← Back to projects

ML/AI · Case Study

Blokus Duo: Deep Search & Reinforcement Learning for a Combinatorial Board Game

A research project comparing four algorithmic approaches: Minimax, MCTS, CNN-augmented MCTS, and PPO, applied to Blokus Duo, a two-player polyomino strategy game with a branching factor that dwarfs Chess and Go.

  • Python
  • PyTorch
  • Keras
  • PettingZoo
  • Stable-Baselines3
  • PPO
  • MCTS
  • CNN
  • Gymnasium

Role: ML engineer + research author  |  Year: 2025

Abstract

Project Overview

This paper evaluates several algorithmic approaches to playing Blokus Duo, a two-player variant of the strategy game Blokus. We implemented and compared four methods: minimax, Monte Carlo Tree Search (MCTS), MCTS enhanced with a convolutional neural network (CNN), and Proximal Policy Optimization (PPO). Each algorithm was trained and tested through large-scale self-play simulations and evaluated against both random agents and human players. Our experiments show that minimax occasionally performed well against humans but was computationally impractical due to the game's large branching factor. PPO achieved moderate success against random play but failed to develop meaningful long-term strategies. Standard MCTS proved stronger but was consistently outperformed by MCTS with CNN, which achieved win rates of 66% as player 1 and 48% as player 2 against the standard MCTS agent. Importantly, the CNN-enhanced MCTS was the only model able to consistently defeat experienced human players. All code was written in Python using Jupyter notebooks, with training and evaluation results stored and shared via GitHub.

Jake Frischmann, Etash Jhanji, Micheal Huang, Sebastian Liu, Alden Bressler, Delia Brown · PGSS Team Project Research Paper

Background & Game Description

What is Blokus Duo?

Blokus Duo is a two-player variant of the polyomino placement game Blokus. Each player owns 21 unique pieces, ranging from a single square up to five-square "pentominoes," and must place them on a 14×14 board, one per turn.

Every placement after the first must touch a corner of one of the player's own previously placed pieces but must not share an edge with any of their own pieces. Pieces may be freely rotated and flipped. The player who places the most total squares wins.

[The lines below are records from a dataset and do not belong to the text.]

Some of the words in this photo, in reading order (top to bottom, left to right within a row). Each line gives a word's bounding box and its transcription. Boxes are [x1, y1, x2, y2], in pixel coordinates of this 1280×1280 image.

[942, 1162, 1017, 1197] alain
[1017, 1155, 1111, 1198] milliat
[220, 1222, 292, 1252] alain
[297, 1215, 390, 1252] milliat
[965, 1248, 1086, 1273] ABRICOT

Player 1 starts at position (5, 10) and Player 2 at (10, 5) on the 14×14 board.

Why is it hard for AI?

Blokus Duo has a staggering branching factor. At the start there are ~508 possible moves; by the second turn, ~2,500; and by the third turn, ~3,800. Compare this to Chess (~20–60 per turn) and Go (~250 per turn).

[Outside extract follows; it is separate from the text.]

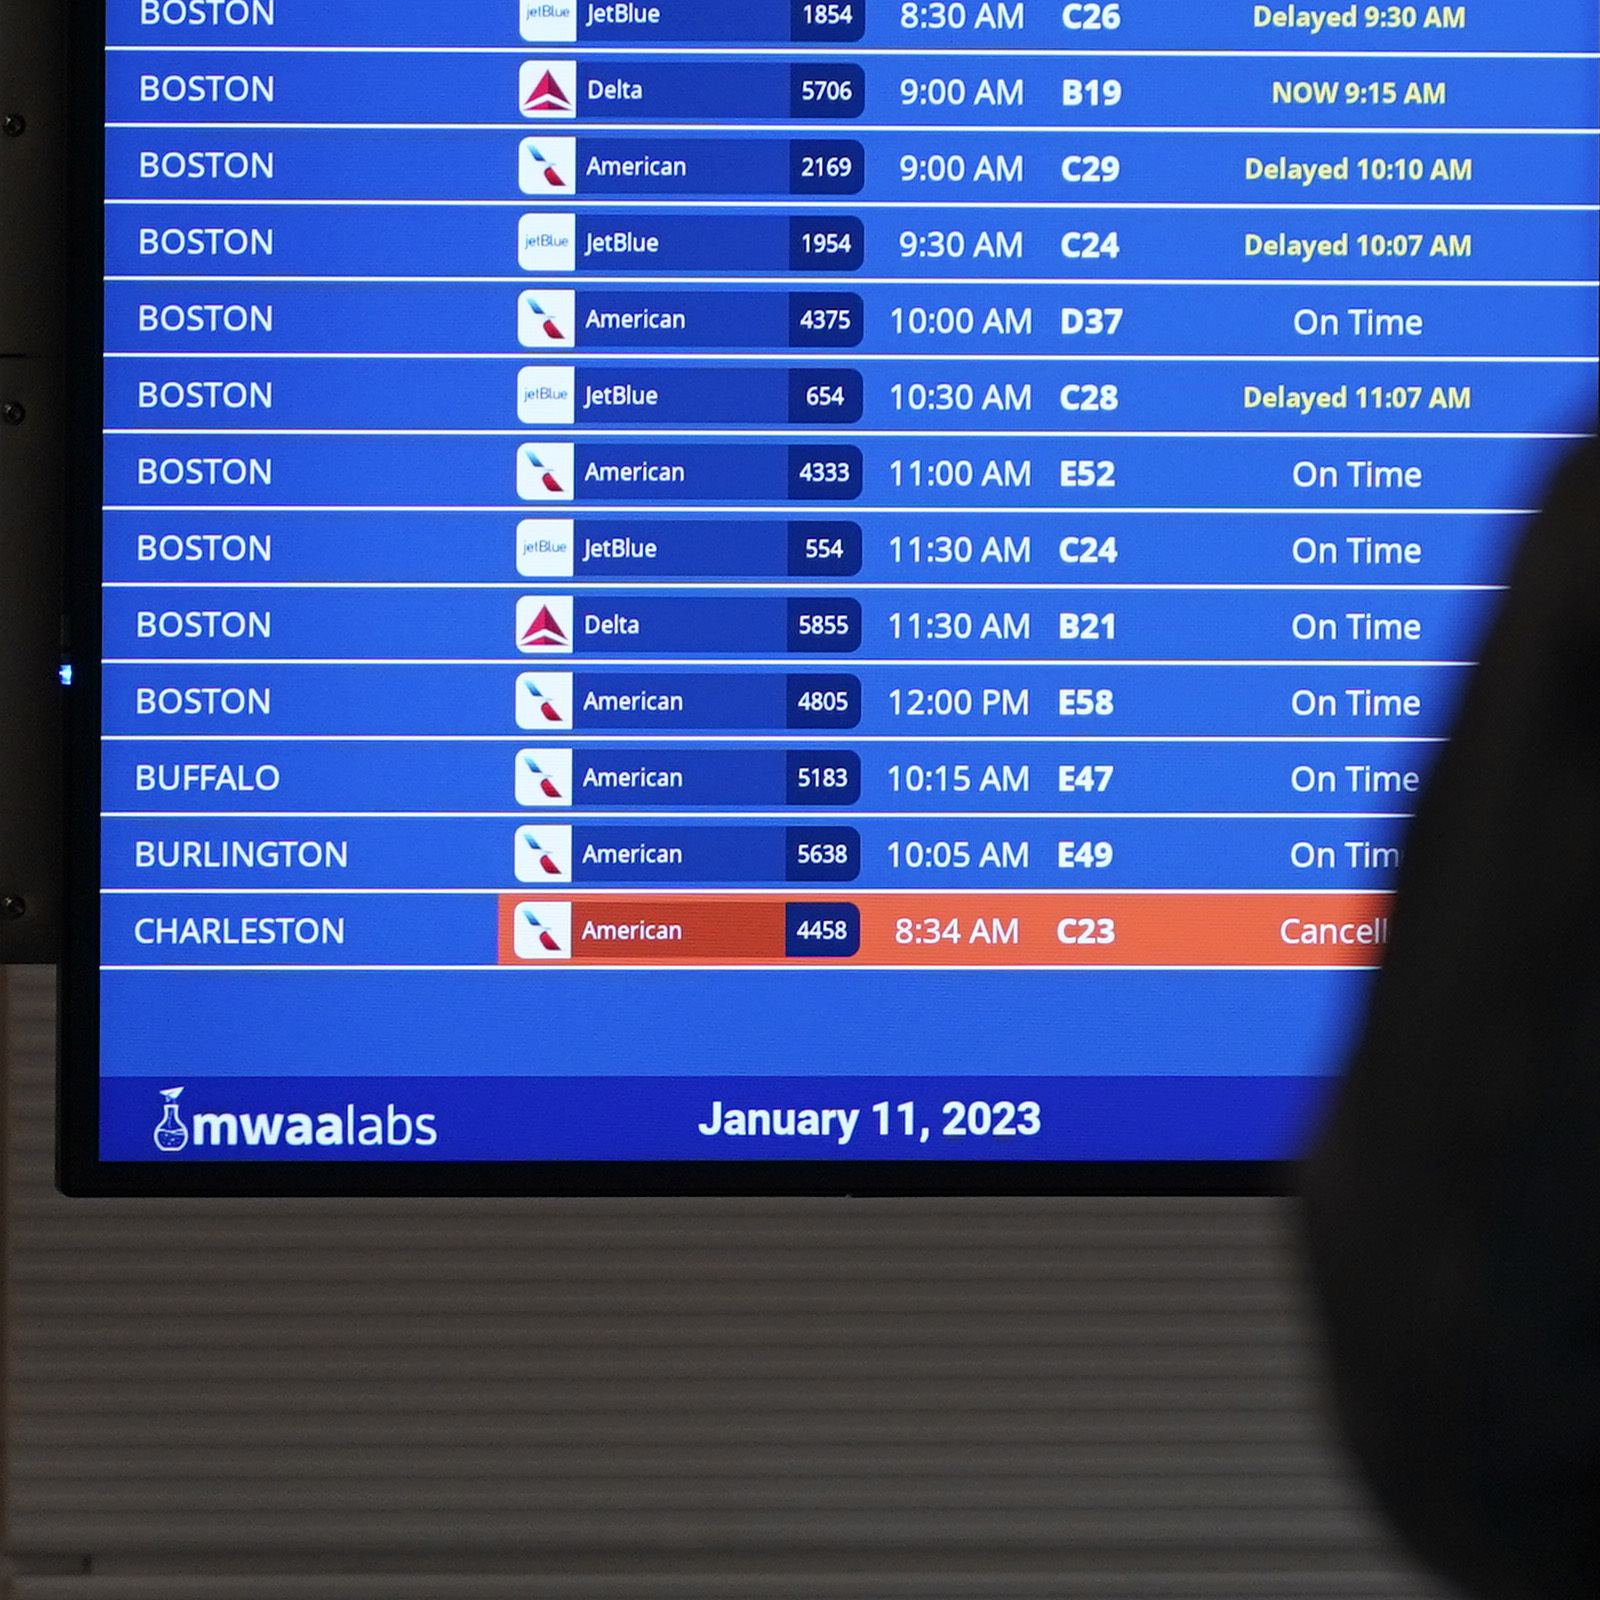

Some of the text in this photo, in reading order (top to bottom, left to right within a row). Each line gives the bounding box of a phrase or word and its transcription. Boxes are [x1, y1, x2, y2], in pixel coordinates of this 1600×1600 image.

[134, 917, 1388, 945] CHARLESTON American 4458 8:34 AM C23 Cancell
[192, 1103, 437, 1146] mwaalabs
[698, 1100, 1041, 1145] January 11, 2023

A conservative estimate of only 500 possible moves over 15 turns yields more possible games than atoms in the human body, meaning exhaustive search is completely infeasible.

Winning requires long-horizon spatial reasoning: securing territory, blocking opponent corners, and managing piece difficulty across the entire game arc.

Board Layout (14×14)

Each cell is either empty (0), occupied by Player 1 (1), or occupied by Player 2 (2). The starting positions are marked ★.

Player 1 territory (teal)   Player 2 territory (orange)   ★ Starting position

Piece Inventory

Each player holds 21 unique polyominoes, ranging from 1 to 5 squares. The project code assigns them IDs 1–21:

IDNameSquaresOrientations
1i111
2i222
3i332
4quadruple line42
5quintuple line52
6z444
7t444
8l448
9square41
10w54
11p58
12f58
13t554
14x51
15z554
16v554
17u54
18v334
19n58
20y58
21l558

Environment & Code Architecture

The game engine is built around a central Board class (board.py) that manages all game state. The PettingZoo BlokusEnv wrapper (PPO/blokusEnv.py) exposes the environment to RL frameworks.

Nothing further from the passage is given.